Collected data:

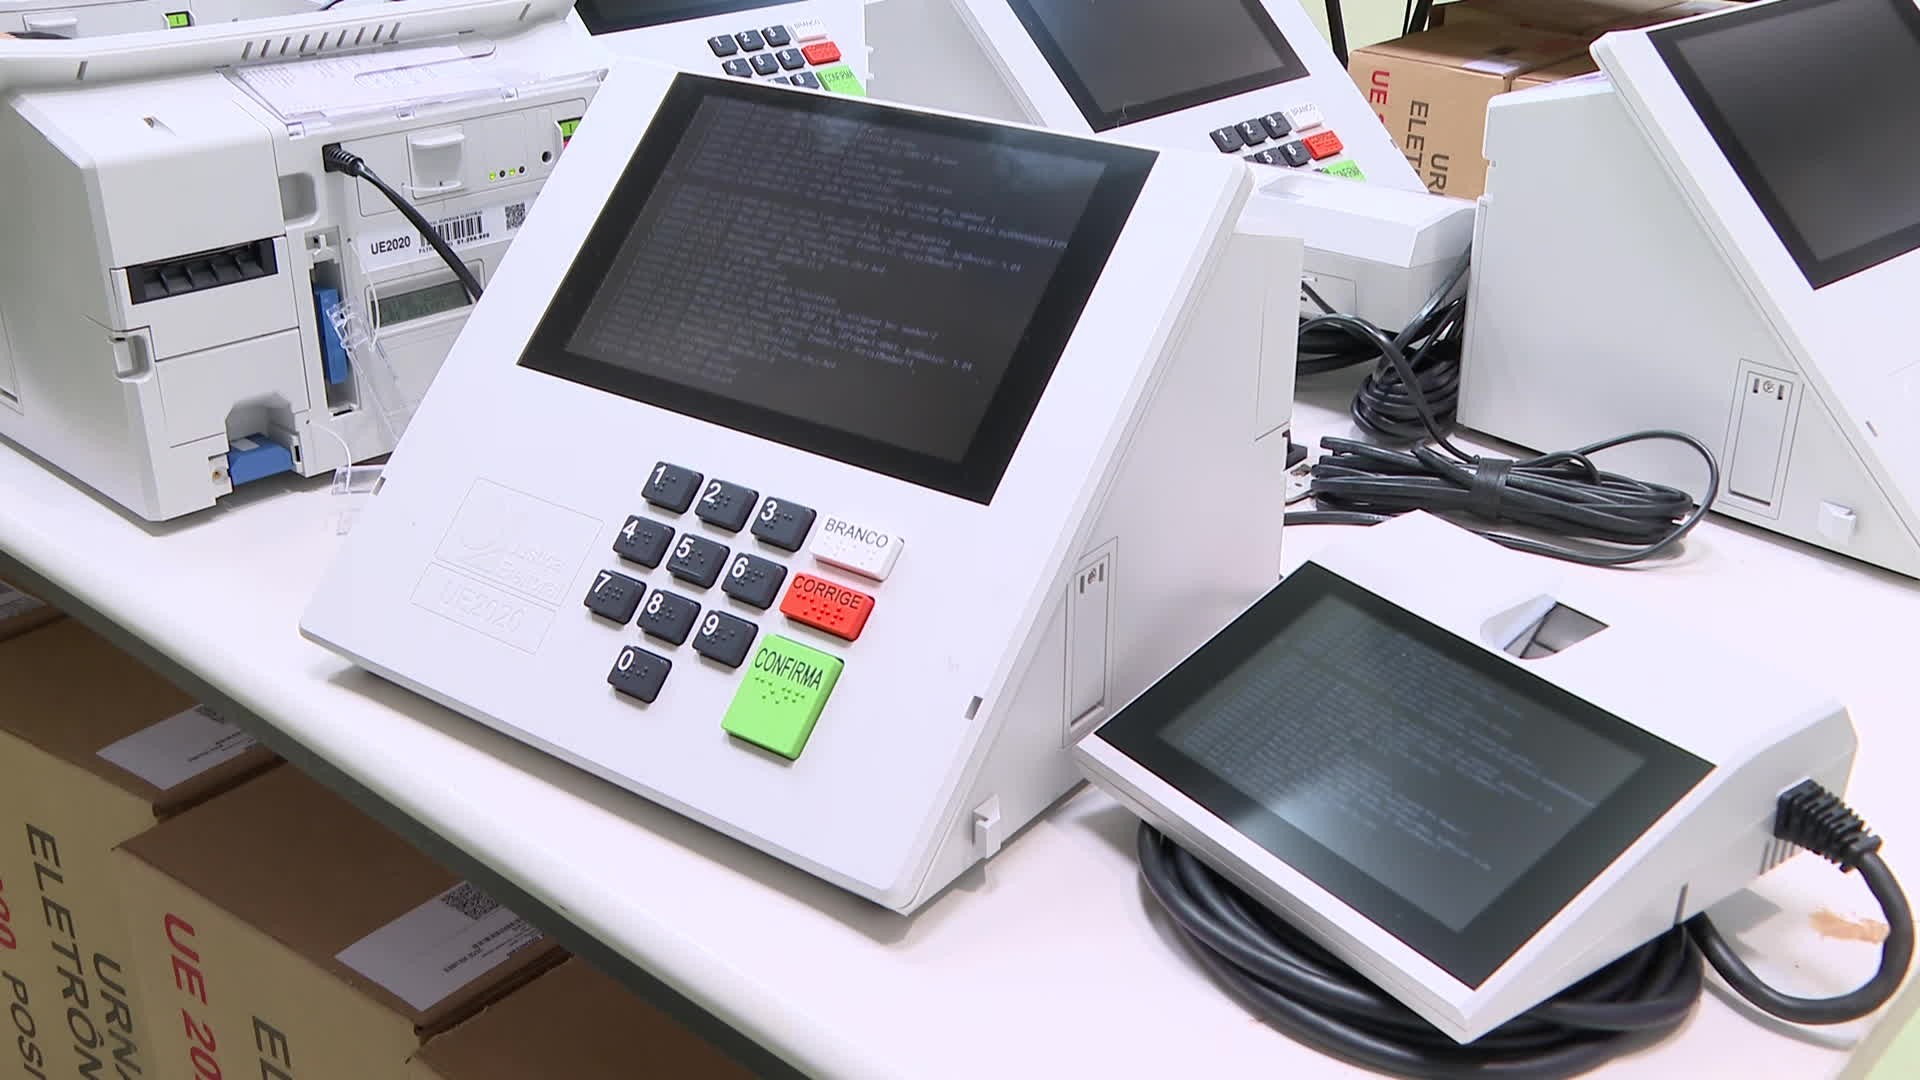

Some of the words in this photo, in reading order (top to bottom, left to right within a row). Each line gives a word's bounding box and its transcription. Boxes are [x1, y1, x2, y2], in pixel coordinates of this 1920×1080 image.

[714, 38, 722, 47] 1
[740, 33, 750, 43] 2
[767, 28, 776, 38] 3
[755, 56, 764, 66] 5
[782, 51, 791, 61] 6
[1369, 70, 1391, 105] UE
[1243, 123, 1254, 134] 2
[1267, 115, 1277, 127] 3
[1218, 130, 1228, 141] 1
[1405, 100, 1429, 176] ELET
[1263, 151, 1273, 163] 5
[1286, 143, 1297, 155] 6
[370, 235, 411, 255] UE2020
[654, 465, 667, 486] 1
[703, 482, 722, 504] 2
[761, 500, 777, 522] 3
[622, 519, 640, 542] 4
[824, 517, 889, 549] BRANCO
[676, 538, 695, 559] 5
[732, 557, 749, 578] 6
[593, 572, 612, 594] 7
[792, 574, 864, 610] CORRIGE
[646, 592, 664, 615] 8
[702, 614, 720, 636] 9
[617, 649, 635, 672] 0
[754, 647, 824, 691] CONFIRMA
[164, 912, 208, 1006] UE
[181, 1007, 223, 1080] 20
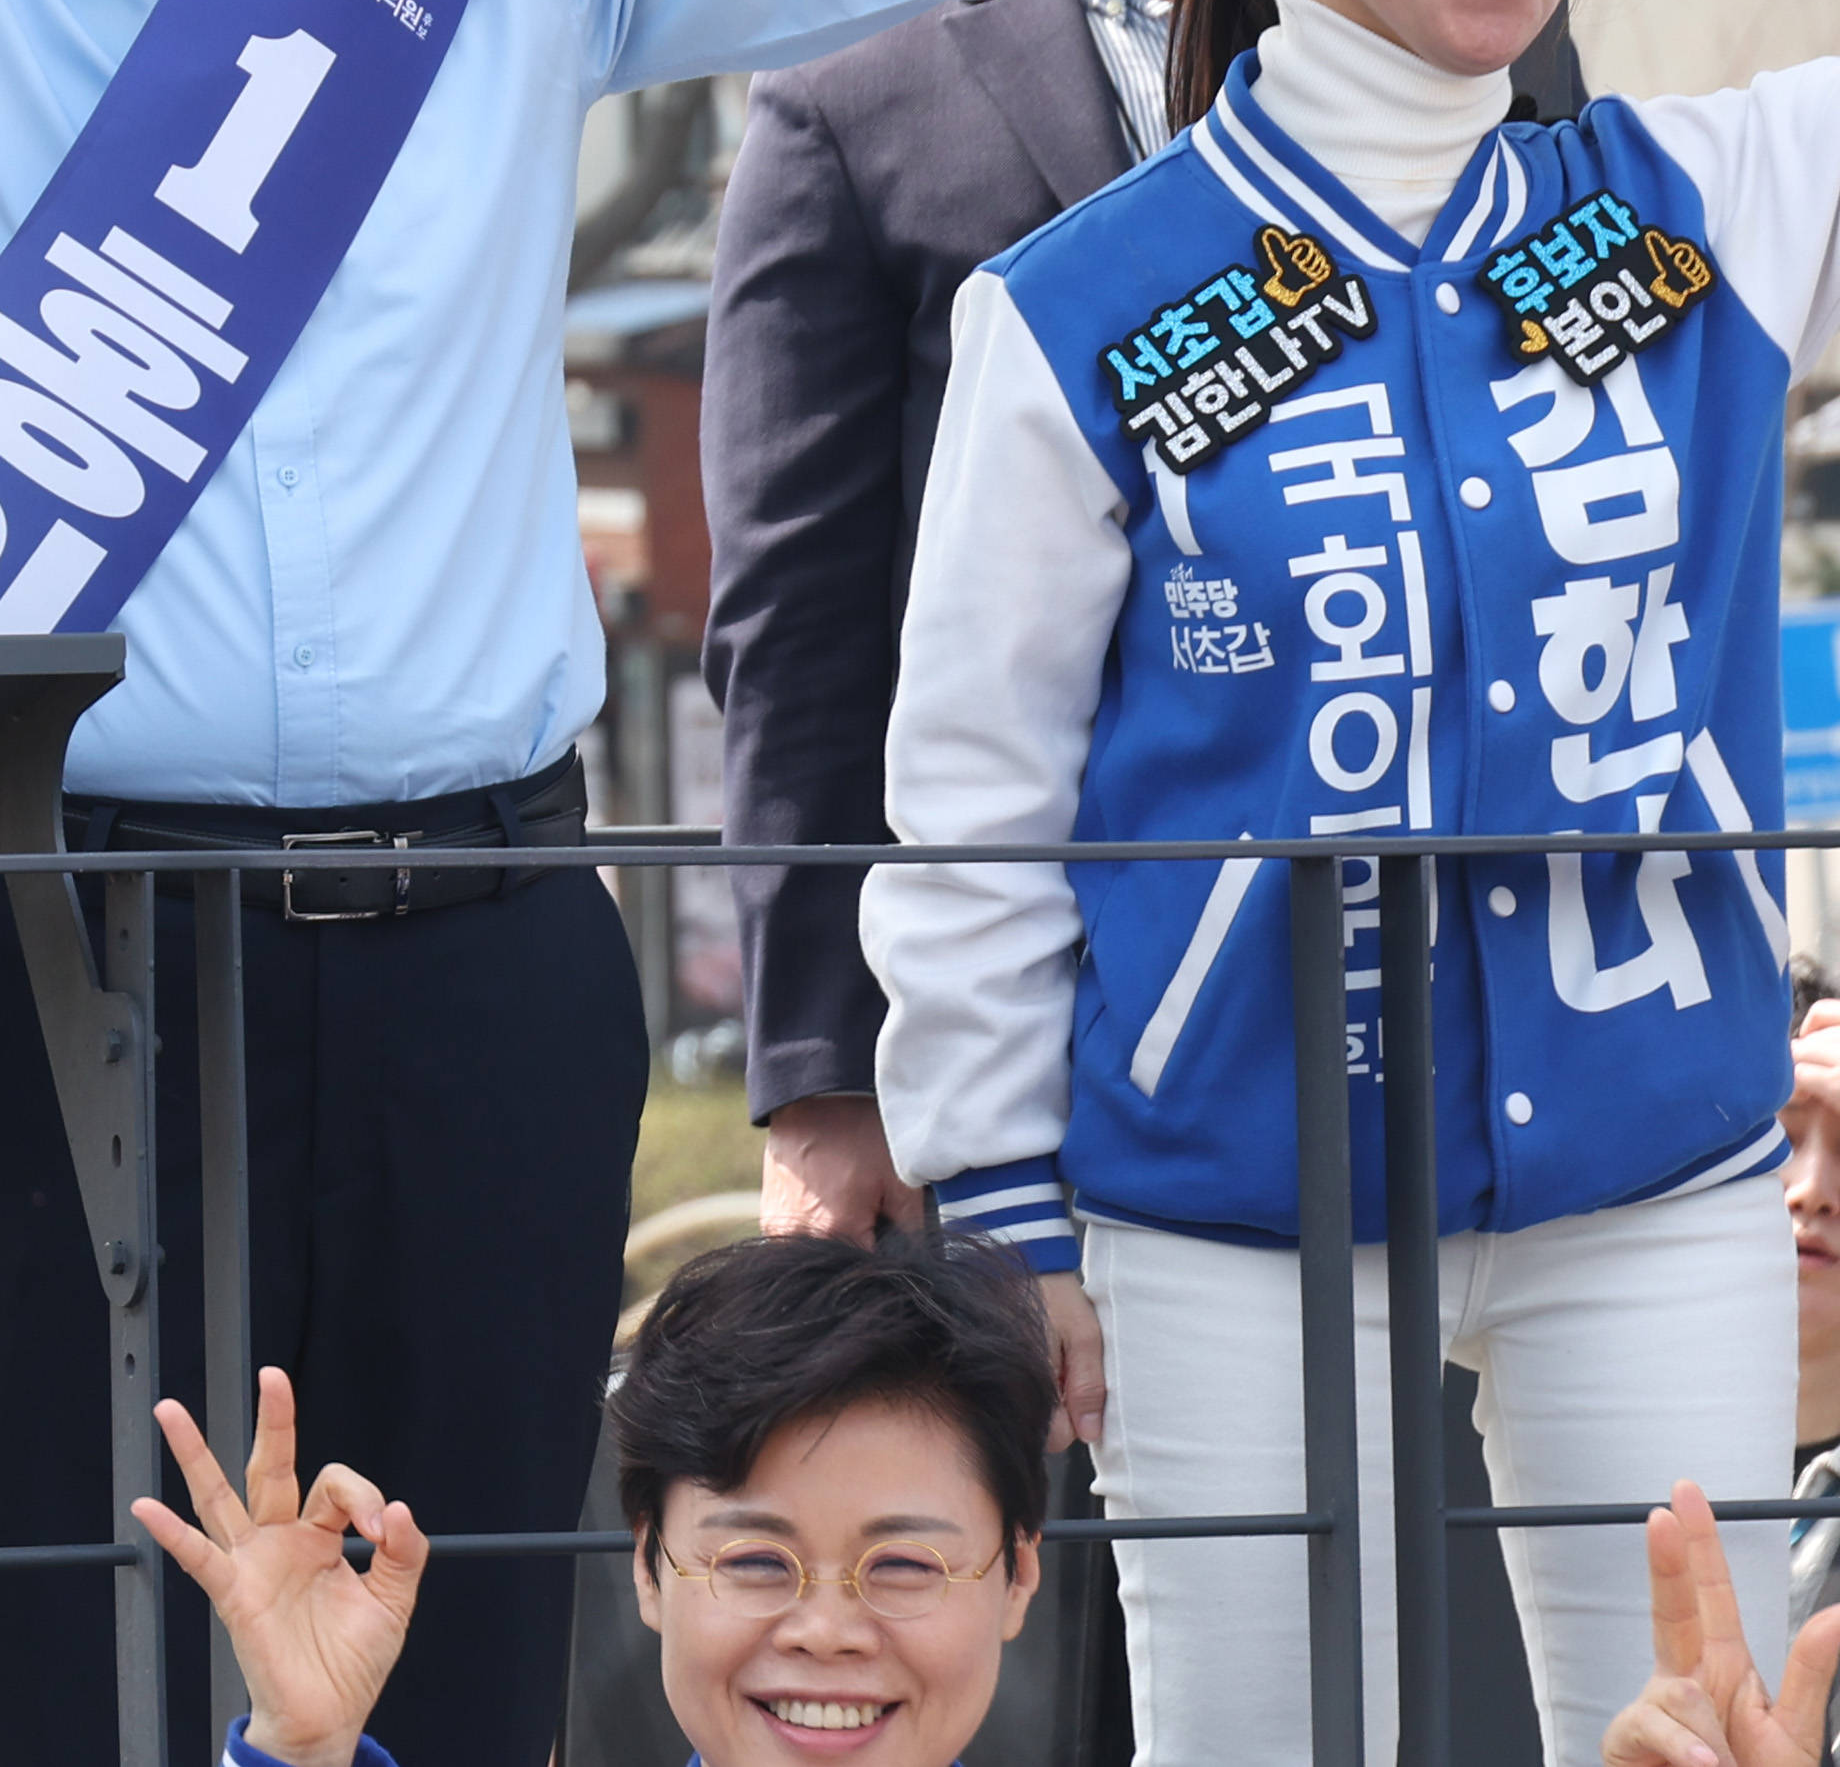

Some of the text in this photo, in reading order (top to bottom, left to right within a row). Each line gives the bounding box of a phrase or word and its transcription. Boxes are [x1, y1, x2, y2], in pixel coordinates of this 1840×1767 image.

To do: Could the entries above be restated word for word, with the pictures left out?

Answer space:
Some of the words in this photo, in reading order (top to bottom, left to right within a row). Each line gives a word's bounding box and its transcription. Boxes are [x1, y1, x2, y2], in pixel coordinates of this 1920×1080 image.

[714, 38, 722, 47] 1
[740, 33, 750, 43] 2
[767, 28, 776, 38] 3
[755, 56, 764, 66] 5
[782, 51, 791, 61] 6
[1369, 70, 1391, 105] UE
[1243, 123, 1254, 134] 2
[1267, 115, 1277, 127] 3
[1218, 130, 1228, 141] 1
[1405, 100, 1429, 176] ELET
[1263, 151, 1273, 163] 5
[1286, 143, 1297, 155] 6
[370, 235, 411, 255] UE2020
[654, 465, 667, 486] 1
[703, 482, 722, 504] 2
[761, 500, 777, 522] 3
[622, 519, 640, 542] 4
[824, 517, 889, 549] BRANCO
[676, 538, 695, 559] 5
[732, 557, 749, 578] 6
[593, 572, 612, 594] 7
[792, 574, 864, 610] CORRIGE
[646, 592, 664, 615] 8
[702, 614, 720, 636] 9
[617, 649, 635, 672] 0
[754, 647, 824, 691] CONFIRMA
[164, 912, 208, 1006] UE
[181, 1007, 223, 1080] 20

Some of the text in this photo, in reading order (top to bottom, left to right within a row). Each line gives the bounding box of a phrase or word and its transcription. Boxes are [x1, y1, x2, y2], in pixel coordinates of this 1840×1767 image.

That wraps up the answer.